Revolution Infocom Private Limited Vs. Sandwoods Infratech Projects (P) Limited

CA (AT) Insolvency No. 1259 of 2022

Facts:

1.CIRP was initiated against the Corporate debtor (Sandwoods Infratech Projects ) and appellant filed its claims before the Resolution professional as the Financial Creditor.

2.First Meeting of Committee of Creditors (“CoC”) was held on 24.11.2021, in which meeting the Appellant was invited to participate as Member of CoC on the strength of his claim.
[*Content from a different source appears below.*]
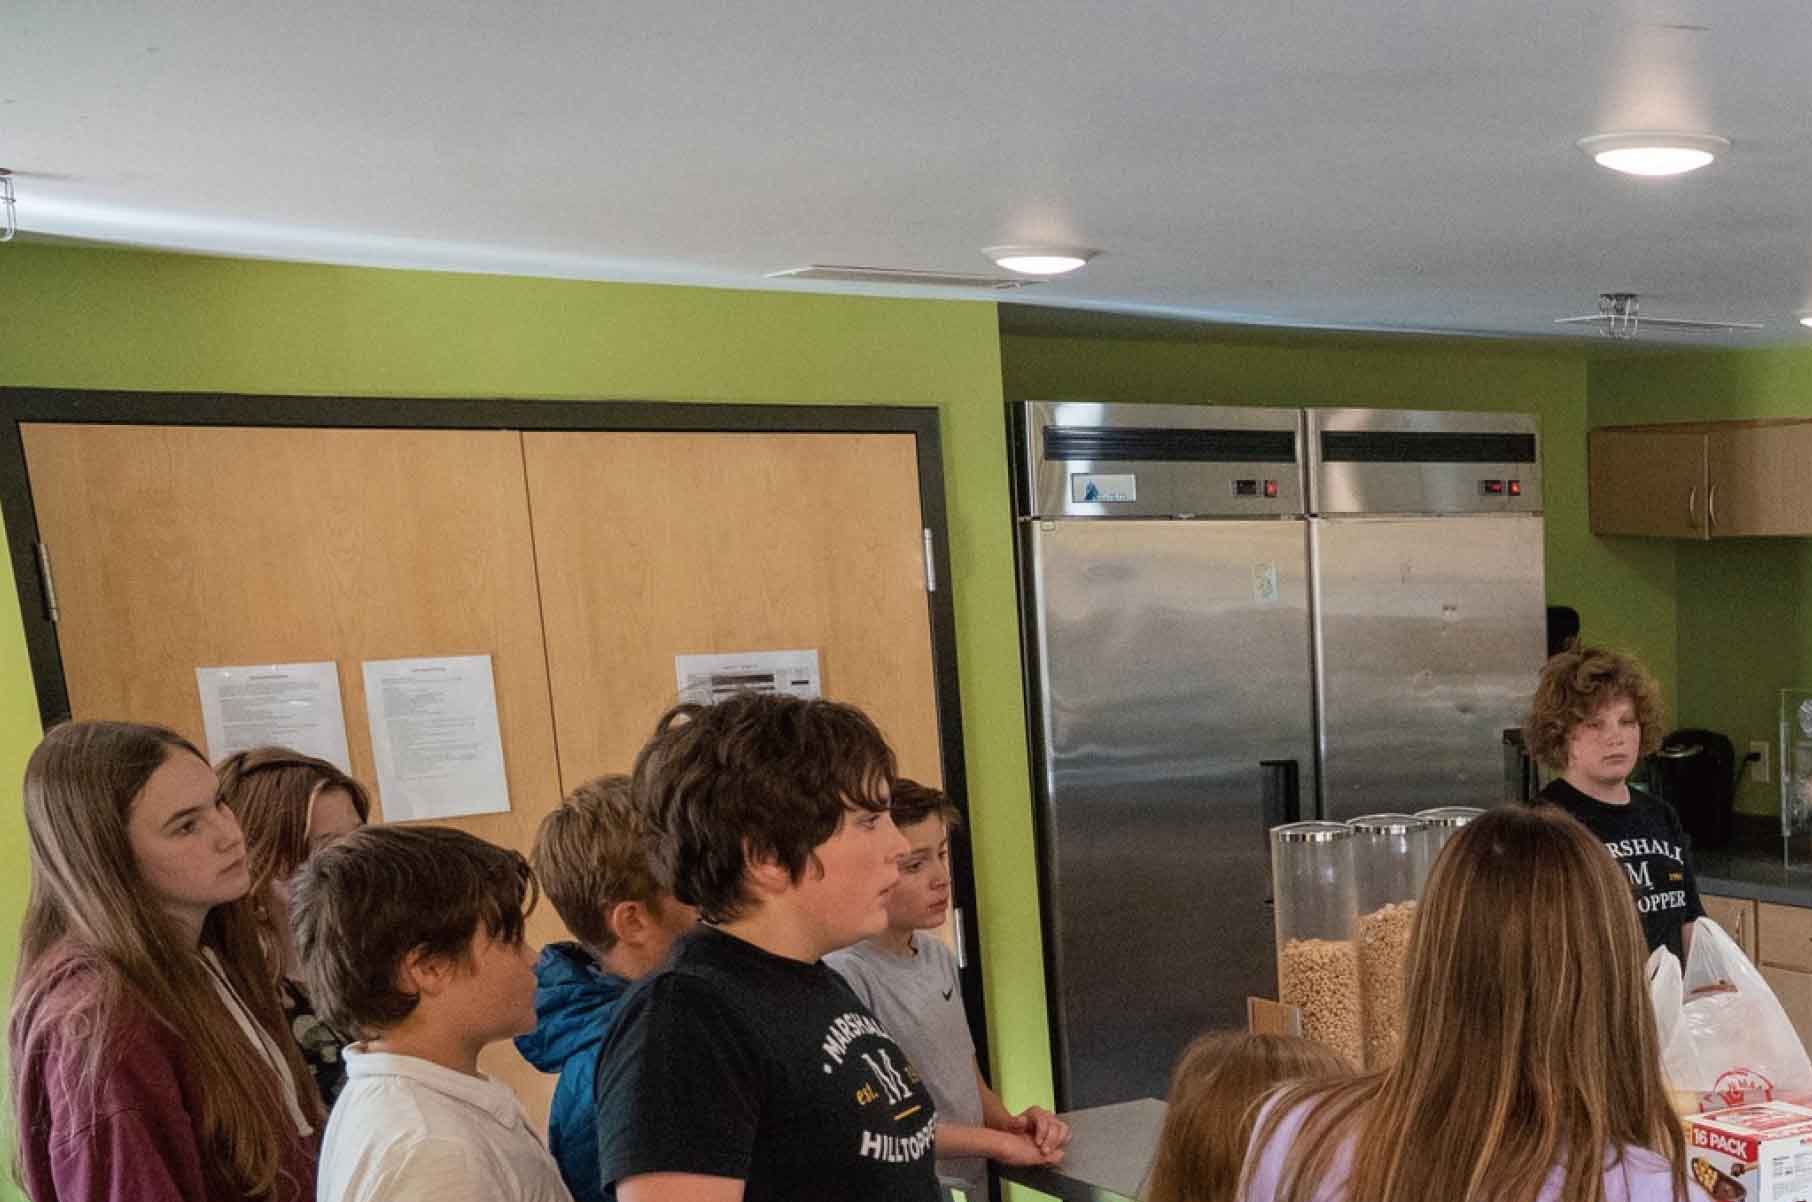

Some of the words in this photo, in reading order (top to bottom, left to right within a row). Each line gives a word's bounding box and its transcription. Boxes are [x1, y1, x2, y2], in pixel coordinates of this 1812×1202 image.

[1605, 838, 1684, 864] RSHALL
[1637, 890, 1686, 913] OPPER
[1694, 1127, 1707, 1145] 16
[1709, 1132, 1748, 1160] PACK
In the Minutes of the Meeting dated 24.11.2021, an objection was raised by a Member of CoC that Appellant being ‘related party’ cannot be part of the CoC.
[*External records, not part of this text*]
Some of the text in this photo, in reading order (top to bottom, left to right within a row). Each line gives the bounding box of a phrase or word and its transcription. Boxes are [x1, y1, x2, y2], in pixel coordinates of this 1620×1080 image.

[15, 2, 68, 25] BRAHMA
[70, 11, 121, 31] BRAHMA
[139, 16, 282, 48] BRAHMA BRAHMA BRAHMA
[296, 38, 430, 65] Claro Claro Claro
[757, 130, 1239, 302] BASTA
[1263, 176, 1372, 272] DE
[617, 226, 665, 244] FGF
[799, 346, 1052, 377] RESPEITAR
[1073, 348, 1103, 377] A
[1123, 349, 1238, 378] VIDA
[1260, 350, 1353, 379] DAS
3.An IA No.5535 of 2021 was filed by IRP seeking direction to take action against the Appellant Company under Section 235A of the Insolvency and Bankruptcy Code, 2016 (hereinafter referred to as the “Code”) for making willful and false disclosure and concealment of facts in Claim Form-C. An email was sent to appellant by the RP holding the appellant as the Related party of the corporate debtor on account of PNB objection.

4.Resolution plan was approved and an IA was filed challenging the decision of RP which was upheld by the adjudicating authority. Appellant is challenging the order of AA

Issue: Whether the RP was right in treating the appellant as related party of the Corporate debtor?

Arguments:

For appellants:

1.Counsel submitted that Appellant has no control over the Corporate Debtor nor any representation on the Board of Directors. The Appellant is also not a shareholder or Director of the Corporate Debtor. It is submitted that the Appellant is not covered by the definition of ‘related party’ within the meaning of Section 5(24) of the Code. It is submitted that IRP having admitted the claim of the Appellant as Financial Creditor, had no jurisdiction to review the claim by holding the Appellant as ‘related party’ to the Corporate Debtor.

For respondents:

1.Counsel submitted that appellant is covered by the definition of ‘related party’ as contained in Section 5(24)(i) of the Code. The Appellant is an associate Company of the Corporate Debtor being the Joint Venture on the basis of Memorandum of Understanding (“MoU”) executed between the Appellant and the Corporate Debtor dated 26.11.2012, the terms and conditions of the MoU specially paragraphs 5, 6 and 7 indicate that Appellant has control over the Corporate Debtor. The learned Counsel for the Respondent referred to definition of ‘associate company’ under Section 2(6) of the Companies Act, 2013 and it is submitted that Appellant is covered under the said definition

Decision: RP was right in treating the appellant as the related party of the Financial Creditor.

Rationale:

1.NCLAT noted that MoU clearly indicate that the MoU was nothing but a Joint Venture between the parties. Further, the only project of the Corporate Debtor is the project referred to in MoU dated 26.11.2012. From the clauses of the MoU as noted above, it is clear that decision pertaining to pricing has to be taken with the mutual consent. Thus, there is sufficient control of the Appellant as envisaged in provisions of law. The Appellant being Joint Venture Company of the Corporate Debtor was clearly ‘related party’ and no error has been committed by IRP in declaring the Appellant as ‘related party’.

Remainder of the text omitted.